Despite the loss Deep led the field with nine points, but another loss in the following round, against his one-time practice partner Mary Ann Gomes, dashed all his hopes of winning the title.

Looking to make it big in the open category Mary Ann, who picked up her maiden IM norm in a tournament in Paris recently, showed flair and imagination, winning four games in succession from the ninth round. Deep was the last big name she conquered before setting up a clash with Adhiban on the top board in the final round.

Congratulating long time friend and competitor Mary Ann for her win, Deep said he lost focus in the last three rounds as he had fever.

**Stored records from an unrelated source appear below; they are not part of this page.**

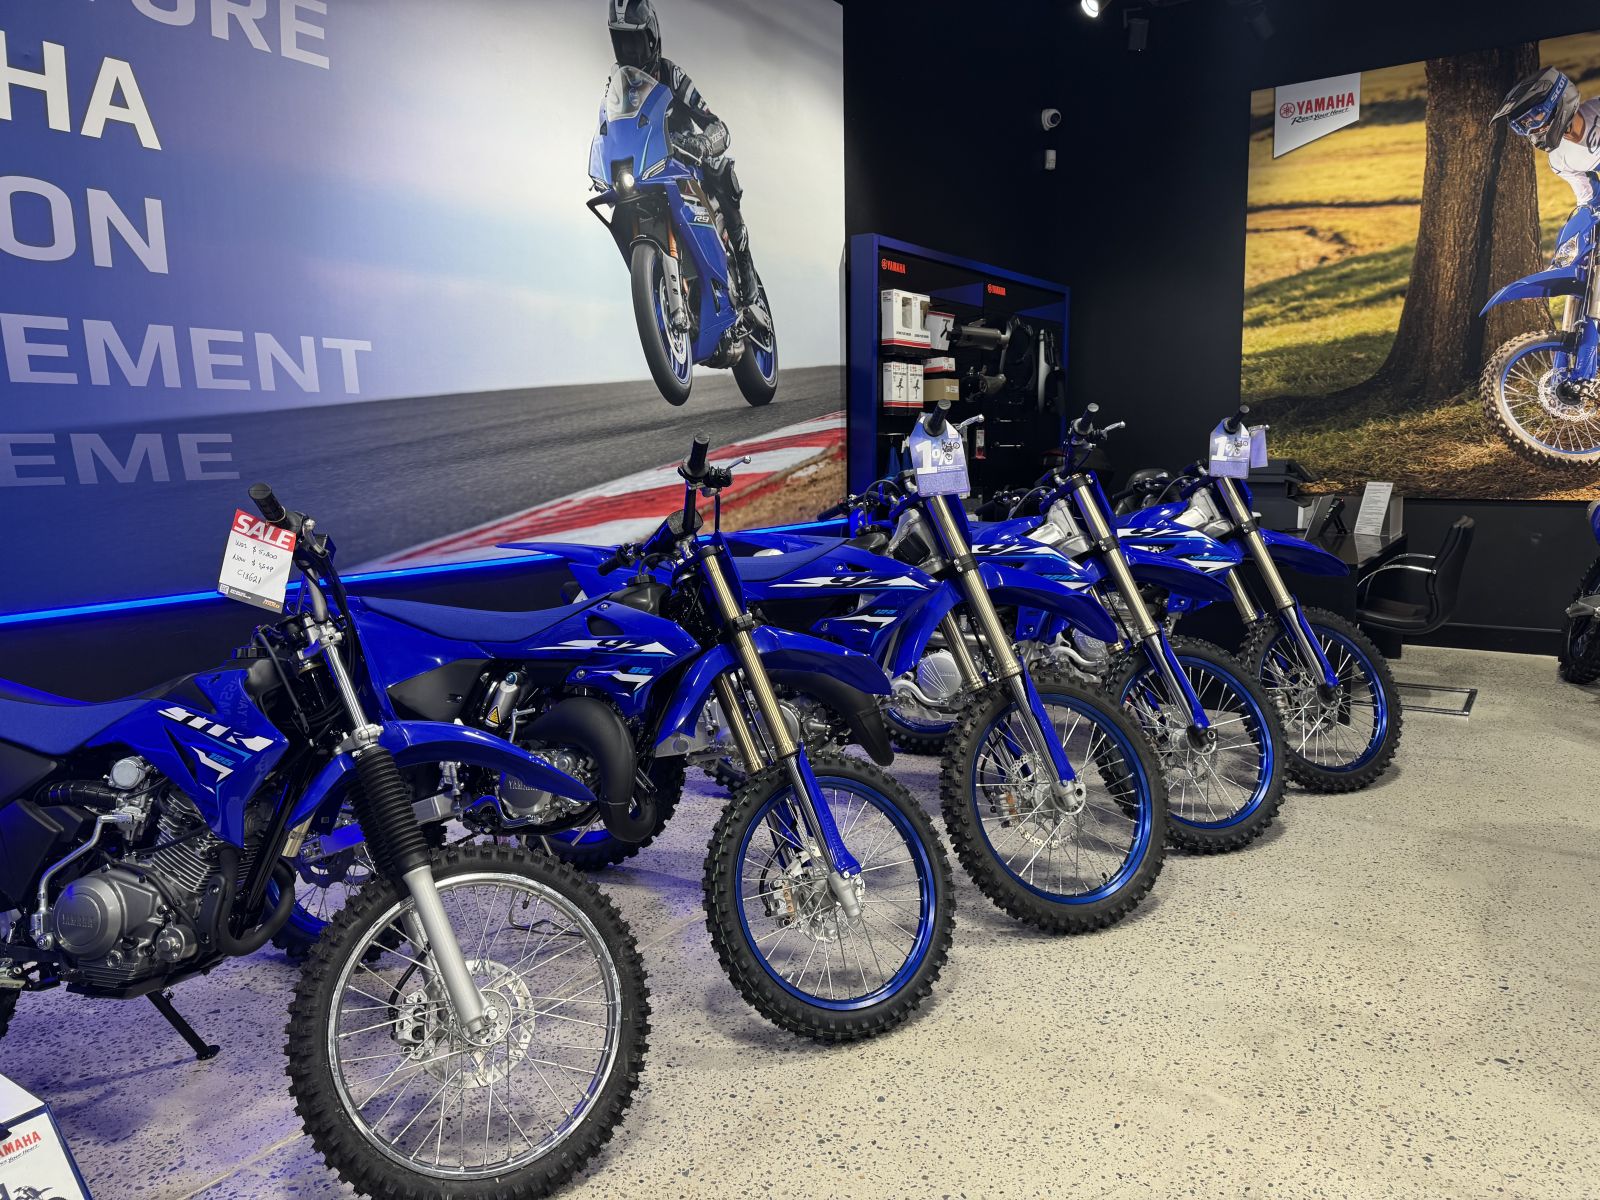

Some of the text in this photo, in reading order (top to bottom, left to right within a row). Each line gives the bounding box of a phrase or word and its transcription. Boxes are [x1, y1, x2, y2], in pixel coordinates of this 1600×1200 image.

[1297, 92, 1355, 115] YAMAHA
[0, 175, 168, 274] ON
[0, 313, 372, 394] EMENT
[0, 433, 240, 487] EME
[234, 514, 294, 549] SALE
[627, 666, 654, 675] 85

In fact he had played against the advice of the doctor who had asked him to stay away from the tournament.

A win would have made Mary Ann the first woman National Challenger champion, but she found the white pieces of Adhiban too strong and eventually lost the battle and the chance to make history.

“I really started seeing the title after Deep lost to Himanshu,” said a beaming Adhiban.

Himanshu Sharma.-

A lot of players tied for the second place and the Buchholz system of tiebreak was applied following which Himanshu Sharma (Haryana), with the best tie-break points, took the second spot. Deep had to be content with the third position, while Mary Ann finished a creditable fourth, ahead of M. S. Thejkumar of Railways.

The top 30 players of the tournament qualified for the National ‘A’ championship.

TOP POSITIONS

1. B. Adhiban (PSPB) 10.5; 2. Himanshu Sharma (Haryana) 9.5 (Buchholz tie-break points - 97); 3. Deep Sengupta (PSPB) 9.5 (94); 4. Mary Ann Gomes 9.5 (87.5); 5. M. S. Thejkumar (RSPB) 9.5 (83); 6. Sapatarshi Roy Chowdhury (RSPB) 9 (93); 7. P. D. S. Girinath (RSPB) 9 (91.5); 8. Swapnil Dhopade (Maharashtra) 9 (89.5-74); 9. Padmini Rout (Orissa) 9 (89.5-73.5); 10. Somak Palit (Bengal) 9 (89.5-73); 11. Joydeep Dutta (Bengal) 9 (89); 12. T. Abhay (TN) 9 (88.5-73.5); 13. B. T. Murali Krishnan (RSPB) 9 (88.5-73); 14. Anwesh Upadhyay (Orissa) 9 (88.5-72); 15. Arvind Shastry (Karnataka) 9 (87.5); 16. Narayanan Srinath (TN) 9 (87); 17. K. Priyadharshan (TN) 9 (82.5); 18. R. Balasubramaniam (RSPB) 9 (82); 19. D. P. Singh (RSPB) 9 (79.5); 20. Vidit Gujrathi (Maharashtra) 8.5 (94.5); 21. Rahul Sangma (Delhi) 8.5 (90.5); 22. M. Shaymsundar (TN) 8.5 (89-73.5-64.75); 23. R. Ramnath Bhuvanesh (TN) 8.5 (89-73.5-64); 24. P. Maheswaran (TN) 8.5 (89-73); 25. P. Shyam Nikil (TN) 8.5 (88); 26. Anurag Mhamal (Goa) 8.5 (86.5); 27. Varugeese Koshy (TN) 8.5 (86-71); 28. N. Sudhakar Babu (IB) 8.5 (86-70.5-65); 29. Syed Anwar Shazuli (RSPB) 8.5 (86-70.5-63.25); 30. Matta Vinay Kumar (AB) 8.5 (85.5).